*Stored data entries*
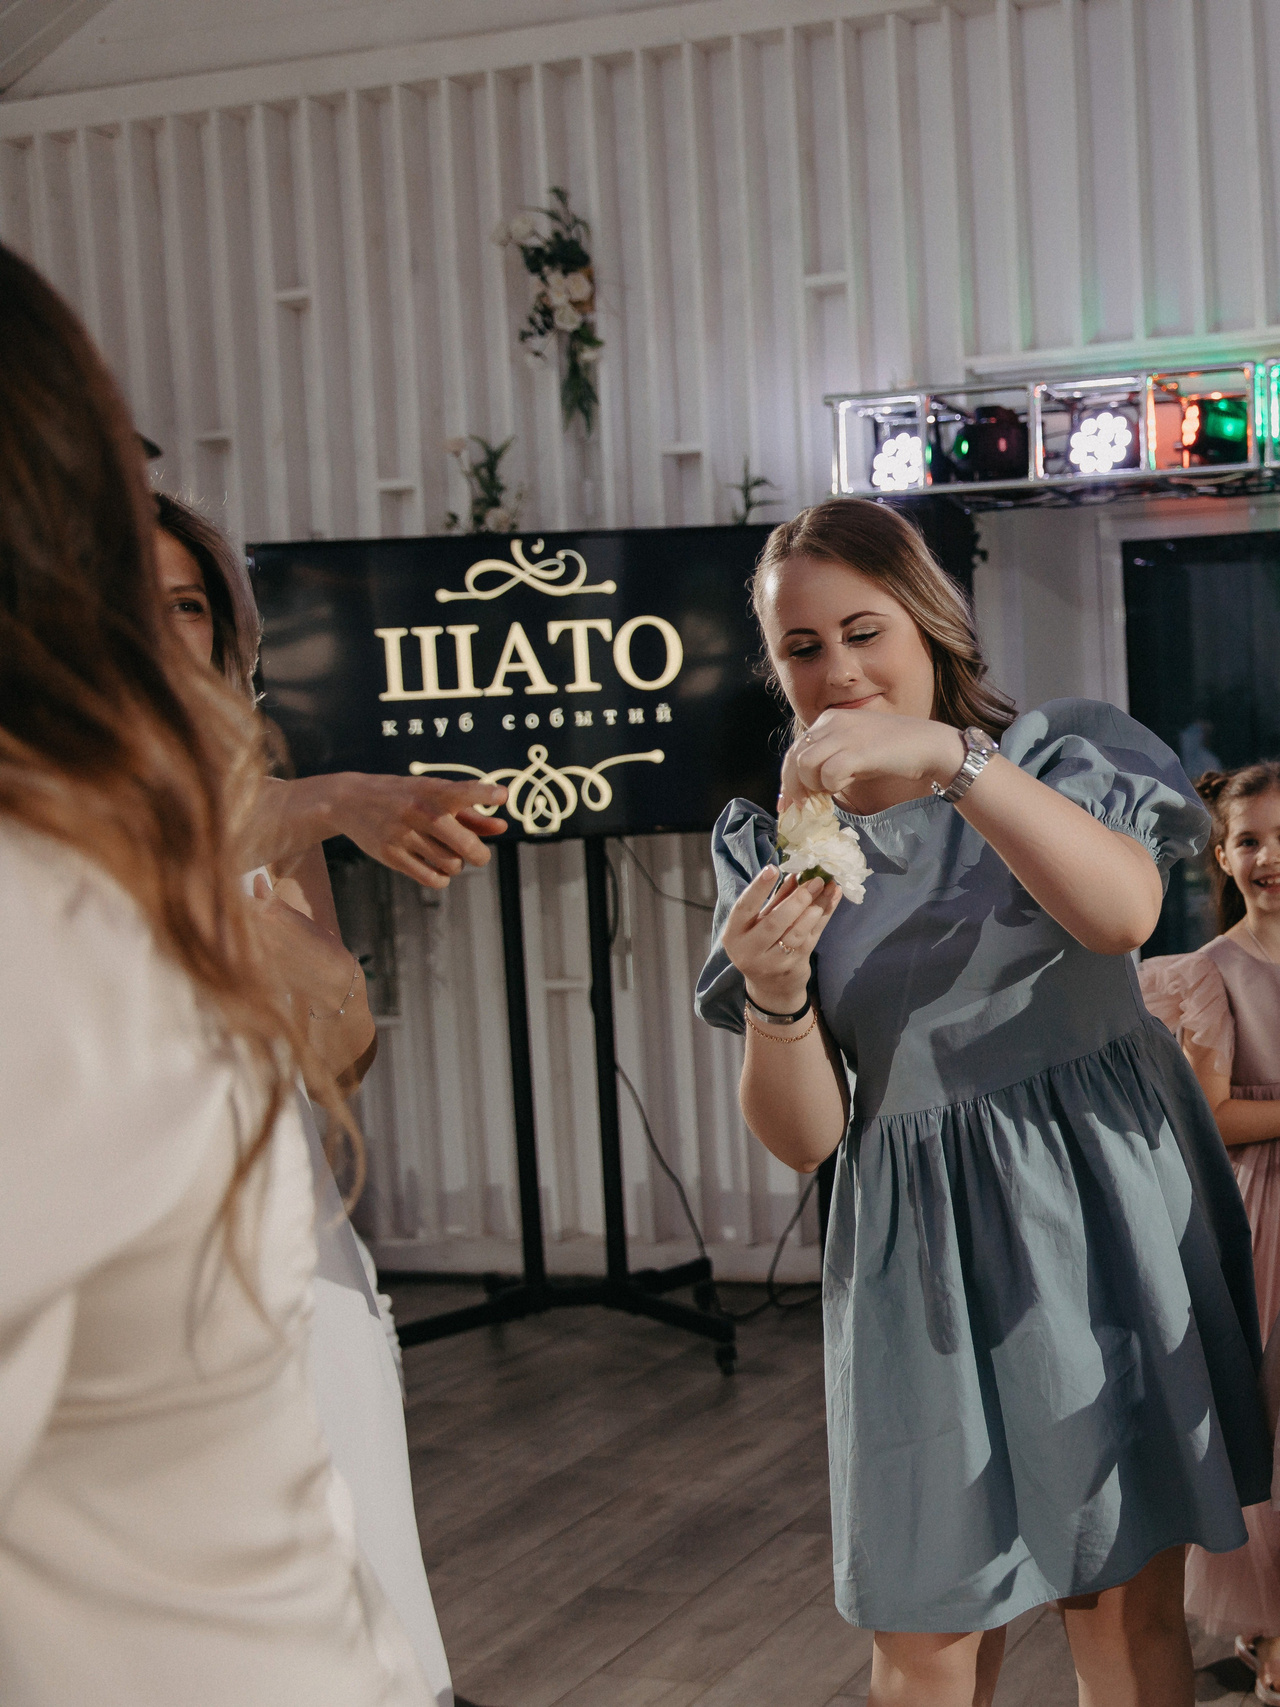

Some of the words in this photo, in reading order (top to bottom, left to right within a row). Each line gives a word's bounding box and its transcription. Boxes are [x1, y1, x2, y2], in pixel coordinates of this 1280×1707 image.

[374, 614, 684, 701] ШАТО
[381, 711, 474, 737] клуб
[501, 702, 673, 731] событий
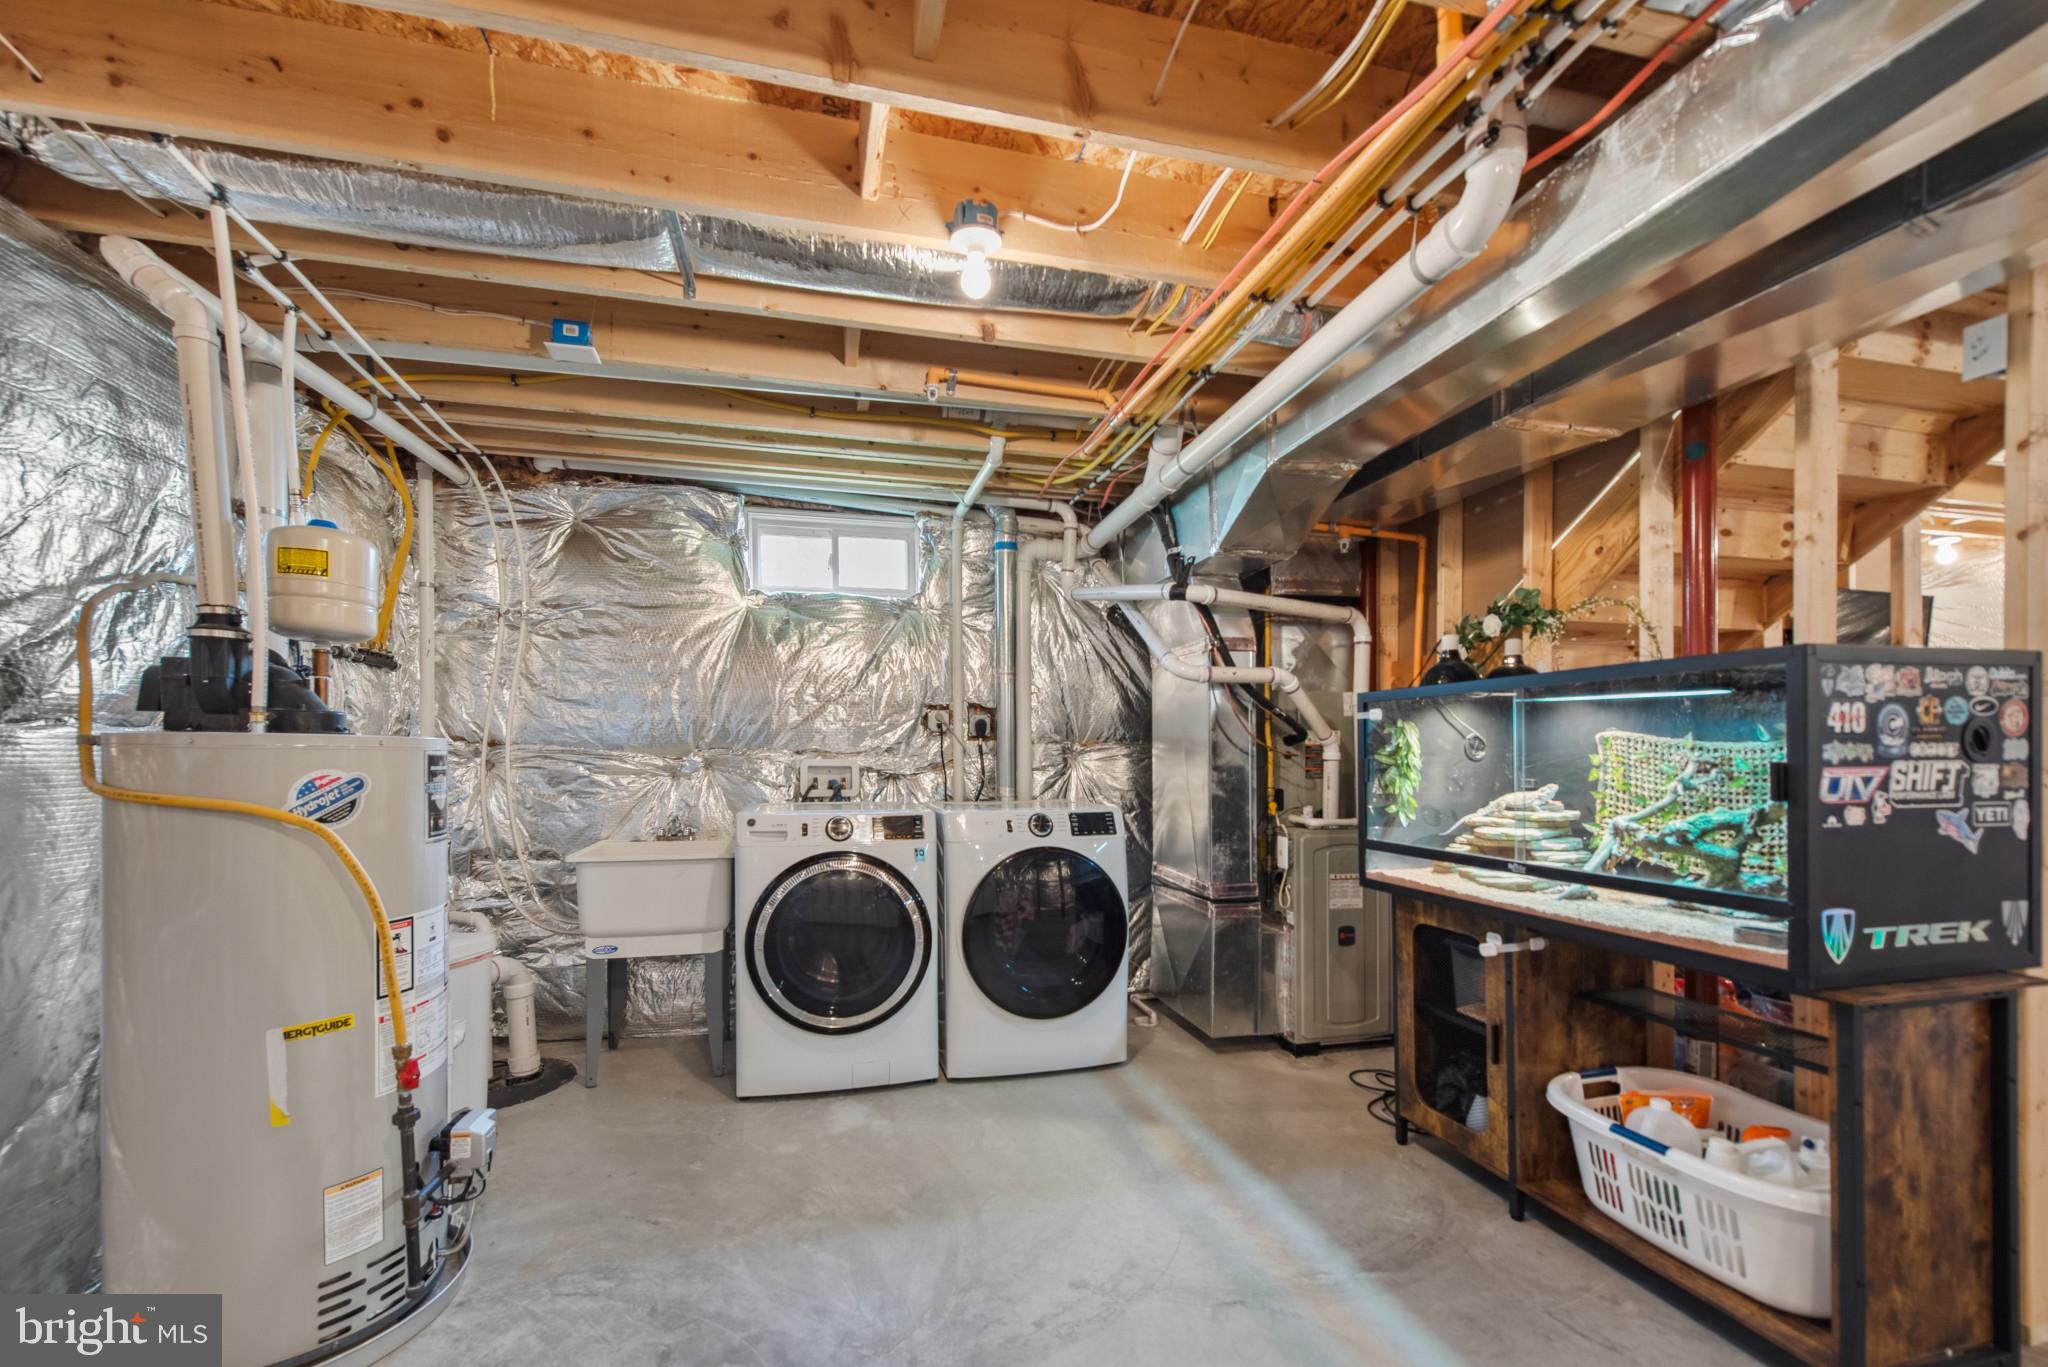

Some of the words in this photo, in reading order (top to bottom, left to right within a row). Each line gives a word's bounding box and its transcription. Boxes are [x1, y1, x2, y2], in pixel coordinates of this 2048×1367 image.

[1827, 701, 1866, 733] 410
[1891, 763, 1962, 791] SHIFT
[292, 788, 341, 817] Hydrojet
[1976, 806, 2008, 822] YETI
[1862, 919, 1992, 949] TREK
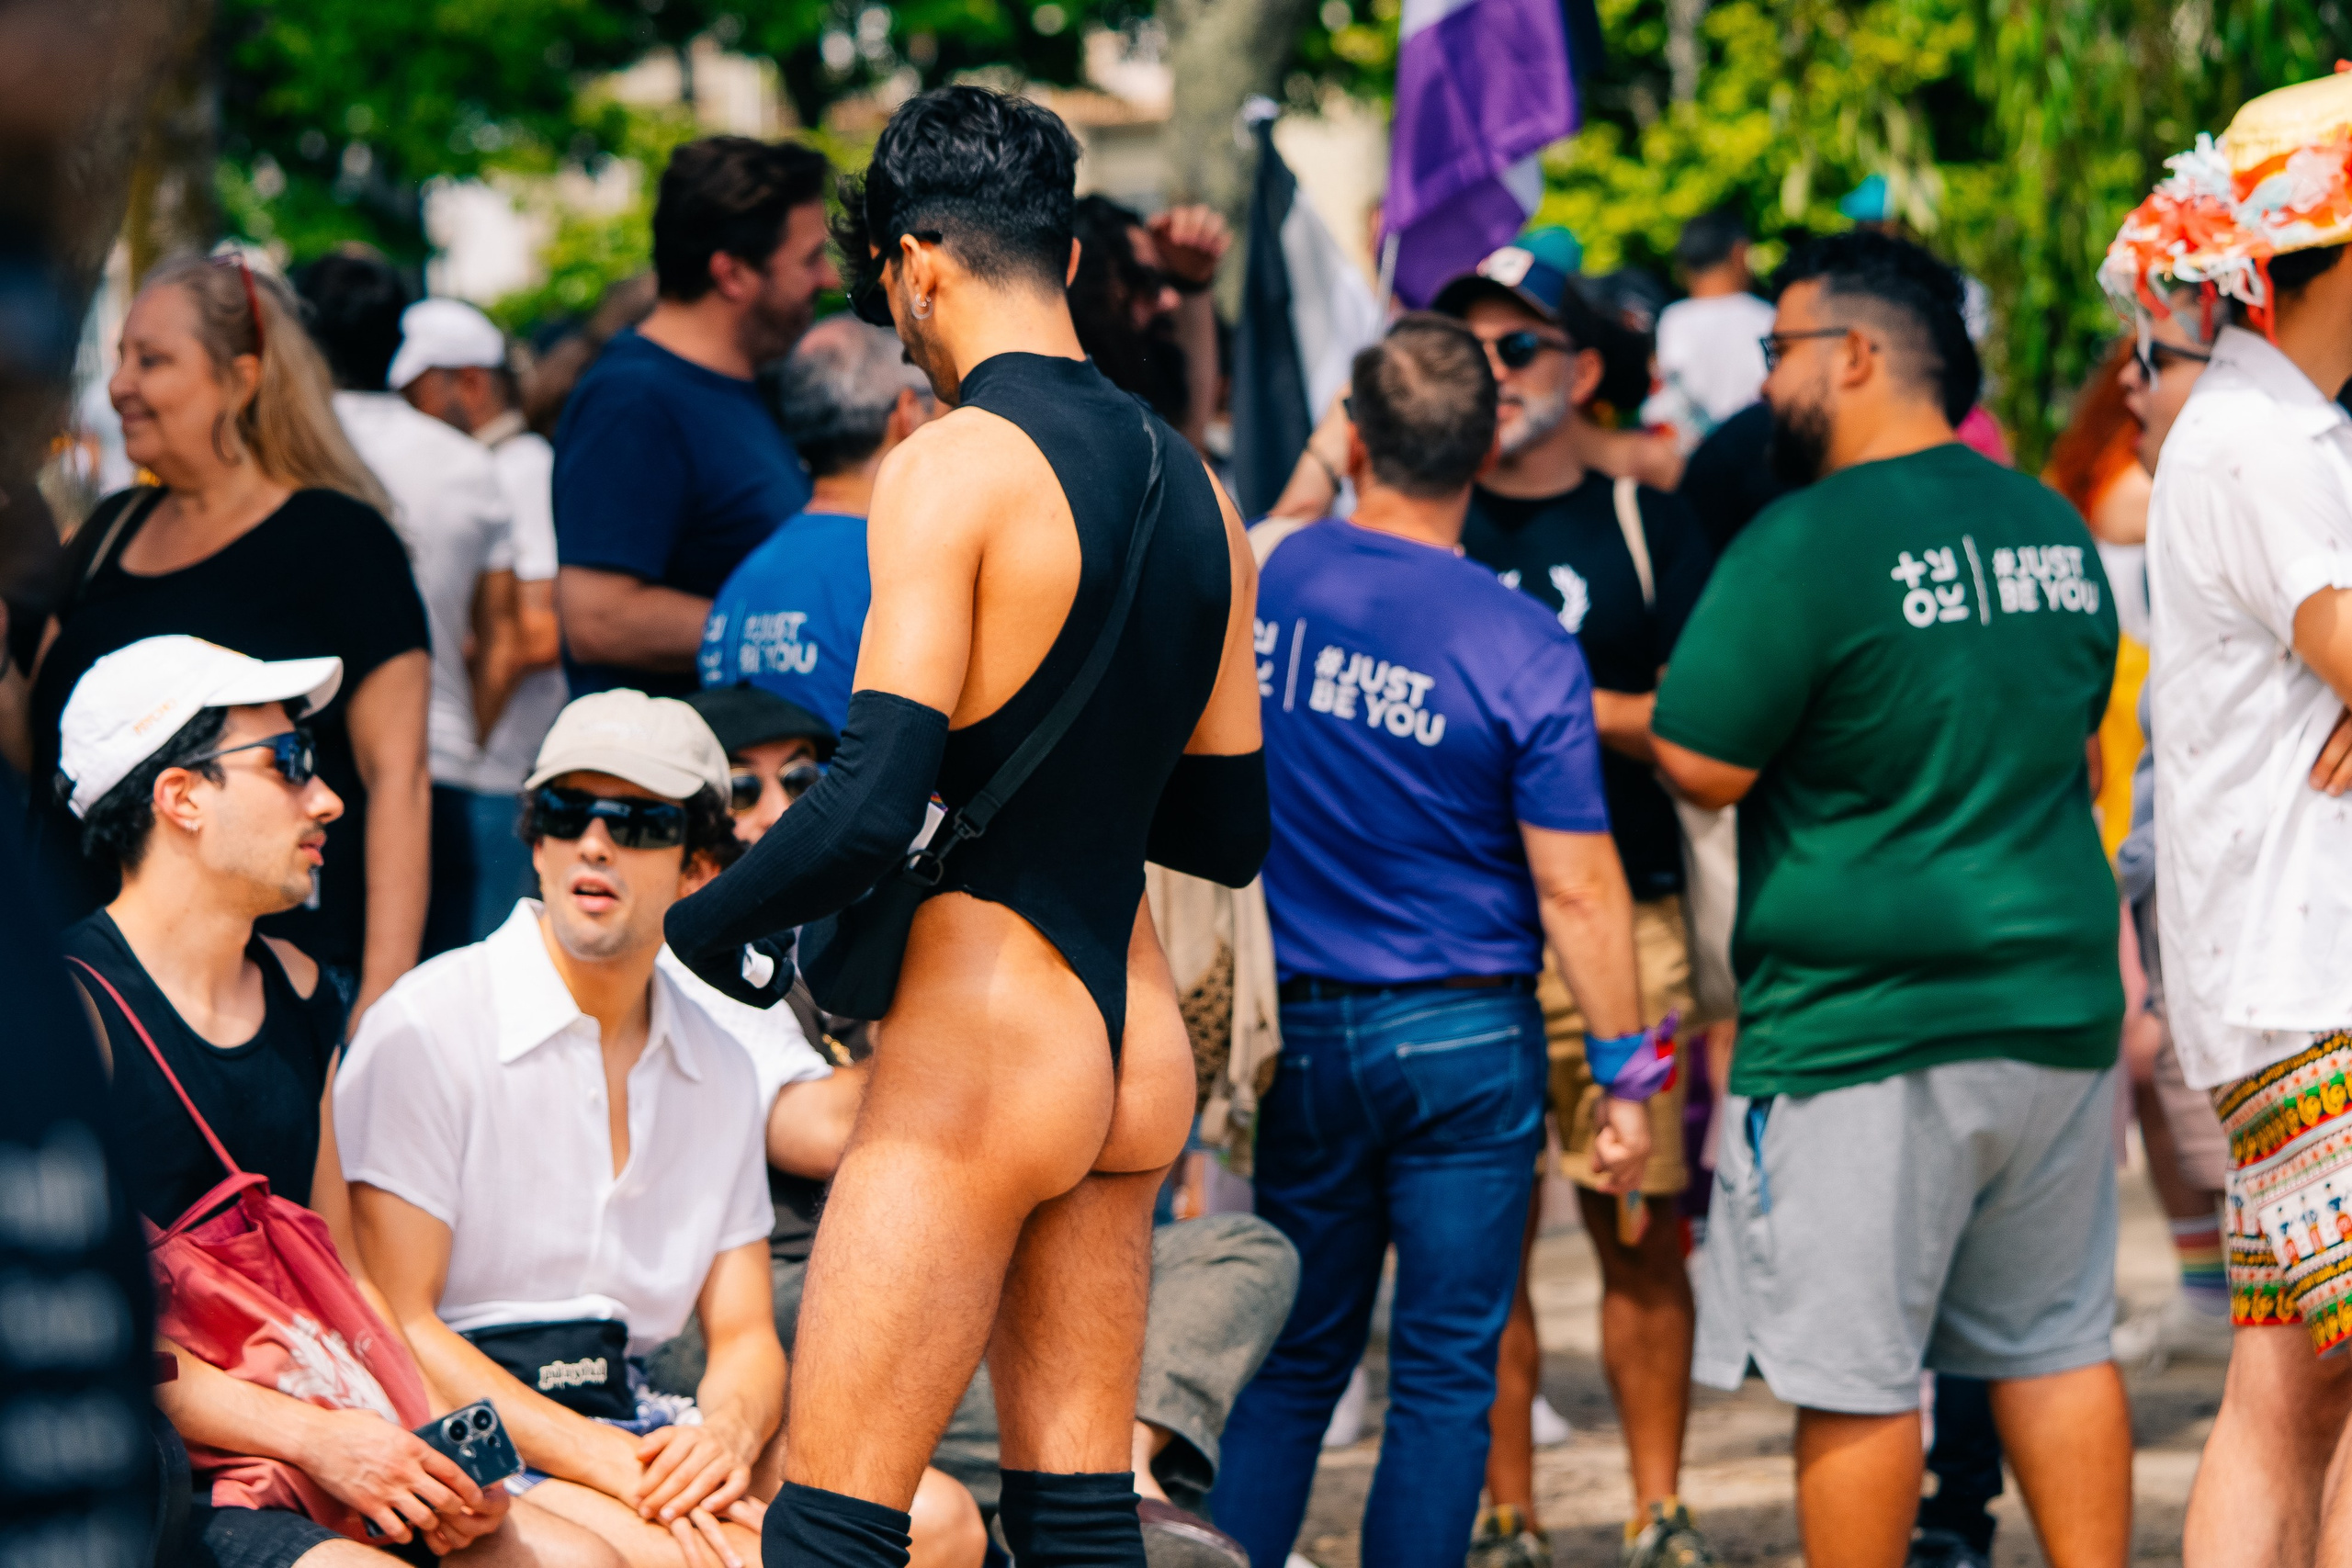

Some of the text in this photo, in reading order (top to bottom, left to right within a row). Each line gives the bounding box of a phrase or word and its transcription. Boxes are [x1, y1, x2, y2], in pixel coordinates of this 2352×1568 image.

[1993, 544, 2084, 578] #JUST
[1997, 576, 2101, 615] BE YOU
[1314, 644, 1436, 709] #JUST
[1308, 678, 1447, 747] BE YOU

*Assignment*
Reproduce all entries exactly. Pictures do not belong in the copy.

*Problem solution*
Some of the words in this photo, in reading order (top to bottom, left to right within a row). Each line gives a word's bounding box and its transcription. Boxes are [x1, y1, x2, y2], in pixel coordinates of this 1280×1707 image.

[374, 614, 684, 701] ШАТО
[381, 711, 474, 737] клуб
[501, 702, 673, 731] событий

Some of the words in this photo, in reading order (top to bottom, left to right within a row). Each line gives a word's bounding box and its transcription. Boxes are [x1, y1, x2, y2], in pixel coordinates of this 2048×1367 image.

[1827, 701, 1866, 733] 410
[1891, 763, 1962, 791] SHIFT
[292, 788, 341, 817] Hydrojet
[1976, 806, 2008, 822] YETI
[1862, 919, 1992, 949] TREK

Some of the text in this photo, in reading order (top to bottom, left to right within a row). Each line gives the bounding box of a phrase or word and its transcription. Boxes are [x1, y1, x2, y2], in pixel coordinates of this 2352×1568 image.

[1993, 544, 2084, 578] #JUST
[1997, 576, 2101, 615] BE YOU
[1314, 644, 1436, 709] #JUST
[1308, 678, 1447, 747] BE YOU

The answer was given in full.